Networking Best Practices for Organizers
Despite human nature and the common fear of “not enough,” there are numerous benefits to sharing leads. But as market/event organizers and professional networkers, it may make sense at times not to share lead contact information because of privacy obligations. Let’s look at three smart networking best practices for networkers, market organizers and general community connectors.
Encouraging Warm Referrals
Every organizer has a vendor list. Hopefully, both organizer and vendor are building an email list and social network on Facebook, Instagram, LinkedIn and sometimes Pinterest of audience connections for marketing opportunities.
We are not saying to exchange contact lists without the proper permissions, but encouraging warm referrals is a great way to support each other and is a networking best practice for organizers.

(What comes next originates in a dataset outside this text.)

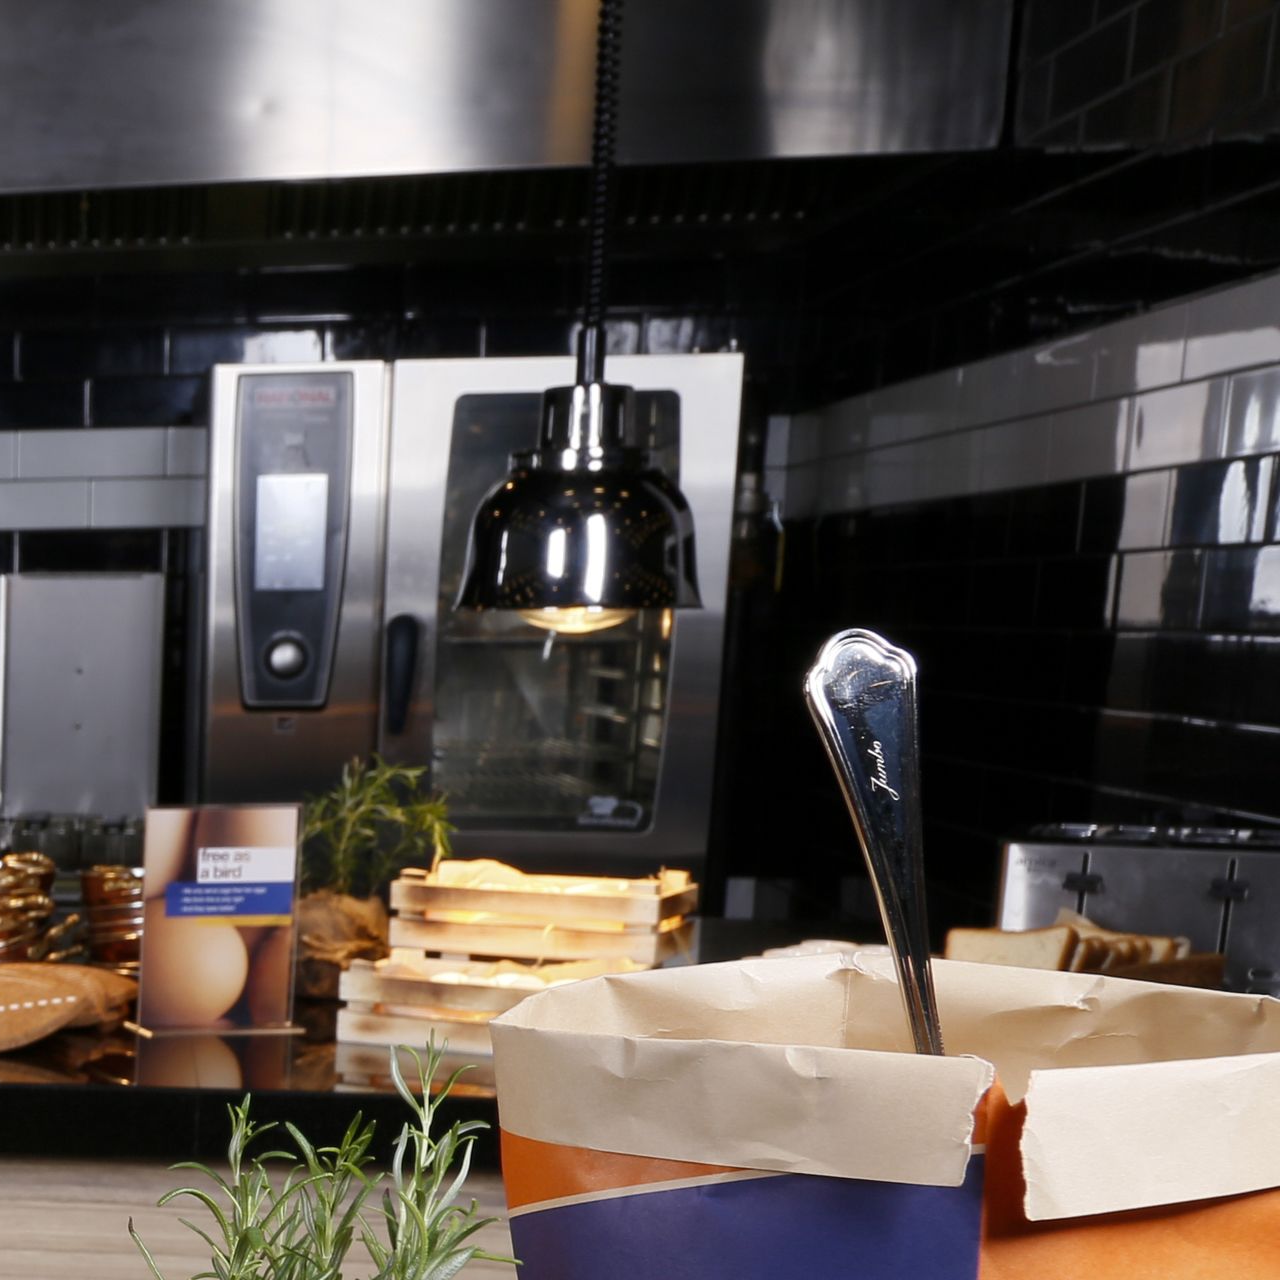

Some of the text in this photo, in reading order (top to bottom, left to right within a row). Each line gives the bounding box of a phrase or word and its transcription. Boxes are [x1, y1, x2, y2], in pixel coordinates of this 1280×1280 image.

Just like a vendor can refer the attendee to walk over to their neighbor vendor, we as organizers can create a network of event sharing that will build growth and community for attending audiences and vendors. Always connect and give before going for the big ask!
Let’s paint the picture of a new organizer looking for specific vendors for a themed market or trade show — the event can cater to any industry. What is the best way to gain vendors and grow the traffic for the market to be successful? Have you tried to reach out and connect with the new organizer to send a warm referred audience to each other’s events? 😁
We encourage building bridges in the market and event-organizing community. One day you might need help from someone, so why not show support? One of the top networking best practices is to give more than you take, because it will pay off and you will receive even more in the long run.
Networking Best Practices
1. Facebook event with live videos, links and websites. This is where you, as an organizer and vendor, can connect and show support on social media for other markets and vendors. It is NOT STEALING if a market organizer likes or follows a vendor you have showcased and then invites them to their event. By sharing your vendors’ contact information openly on the social network, you show support for the vendors’ success! 😁 This will pay back when more people attend your event and the other vendors return the favor. You should be proud if a vendor grows their business and gets connected with other market opportunities. You were part of that growth progression!
2. Three-way messaging/email. Have you attended a networking meeting and witnessed contact information exchanged between vendors? Do not say you referred someone but never made the actual connection. This is not networking best practices. We have a different way that has worked wonders for us. Take a short minute to introduce the referral to another vendor via a message or email. Elevate why they should connect and their specific skills. By doing this, it speaks volumes about you!
3. Send an email with local resources to your vendors. This elevates you as a valued organizer. It’s your opportunity to encourage “community over competition” by connecting them with other vendors. Give them the tips in our “vendor blog” to help you spread the wealth of the market/event to their audience. Social marketing is an incredible resource!
Ultimately, vendors will decide what events to attend and where to exhibit their business. Your event is as great as the vendors who participate. Event organizers should always talk to and survey the attendees to best serve them with future events. As an organizer, you are creating a platform for people to gather, and you have done your job well when the community walks off with a great experience and positive feedback about your event!